[WHAT YOU SHOULD DO] The records that follow are to be repeated without alteration.

[INPUT DATA]
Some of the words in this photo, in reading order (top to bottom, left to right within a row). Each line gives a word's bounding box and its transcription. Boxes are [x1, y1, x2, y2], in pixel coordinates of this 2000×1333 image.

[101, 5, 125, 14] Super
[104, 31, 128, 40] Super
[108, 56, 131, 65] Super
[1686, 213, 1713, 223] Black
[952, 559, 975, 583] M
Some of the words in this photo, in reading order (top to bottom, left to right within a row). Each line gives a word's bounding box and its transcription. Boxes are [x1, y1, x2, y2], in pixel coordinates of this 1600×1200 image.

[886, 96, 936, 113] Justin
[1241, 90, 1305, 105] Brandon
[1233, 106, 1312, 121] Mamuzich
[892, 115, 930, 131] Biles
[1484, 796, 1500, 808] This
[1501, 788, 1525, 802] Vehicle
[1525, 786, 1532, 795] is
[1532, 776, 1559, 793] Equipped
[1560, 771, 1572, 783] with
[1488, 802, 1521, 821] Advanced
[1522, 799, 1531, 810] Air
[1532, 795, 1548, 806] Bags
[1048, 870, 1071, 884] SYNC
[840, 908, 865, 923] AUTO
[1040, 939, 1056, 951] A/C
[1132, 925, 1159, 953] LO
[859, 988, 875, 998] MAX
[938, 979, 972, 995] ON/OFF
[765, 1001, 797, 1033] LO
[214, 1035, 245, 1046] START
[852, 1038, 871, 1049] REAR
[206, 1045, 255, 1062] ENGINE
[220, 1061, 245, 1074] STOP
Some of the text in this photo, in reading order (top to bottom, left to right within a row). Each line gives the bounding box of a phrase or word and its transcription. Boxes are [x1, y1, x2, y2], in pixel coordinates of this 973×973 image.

[ANSWER SECTION]
Some of the words in this photo, in reading order (top to bottom, left to right within a row). Each line gives a word's bounding box and its transcription. Boxes are [x1, y1, x2, y2], in pixel coordinates of this 2000×1333 image.

[101, 5, 125, 14] Super
[104, 31, 128, 40] Super
[108, 56, 131, 65] Super
[1686, 213, 1713, 223] Black
[952, 559, 975, 583] M
Some of the words in this photo, in reading order (top to bottom, left to right within a row). Each line gives a word's bounding box and its transcription. Boxes are [x1, y1, x2, y2], in pixel coordinates of this 1600×1200 image.

[886, 96, 936, 113] Justin
[1241, 90, 1305, 105] Brandon
[1233, 106, 1312, 121] Mamuzich
[892, 115, 930, 131] Biles
[1484, 796, 1500, 808] This
[1501, 788, 1525, 802] Vehicle
[1525, 786, 1532, 795] is
[1532, 776, 1559, 793] Equipped
[1560, 771, 1572, 783] with
[1488, 802, 1521, 821] Advanced
[1522, 799, 1531, 810] Air
[1532, 795, 1548, 806] Bags
[1048, 870, 1071, 884] SYNC
[840, 908, 865, 923] AUTO
[1040, 939, 1056, 951] A/C
[1132, 925, 1159, 953] LO
[859, 988, 875, 998] MAX
[938, 979, 972, 995] ON/OFF
[765, 1001, 797, 1033] LO
[214, 1035, 245, 1046] START
[852, 1038, 871, 1049] REAR
[206, 1045, 255, 1062] ENGINE
[220, 1061, 245, 1074] STOP
Some of the text in this photo, in reading order (top to bottom, left to right within a row). Each line gives the bounding box of a phrase or word and its transcription. Boxes are [x1, y1, x2, y2], in pixel coordinates of this 973×973 image.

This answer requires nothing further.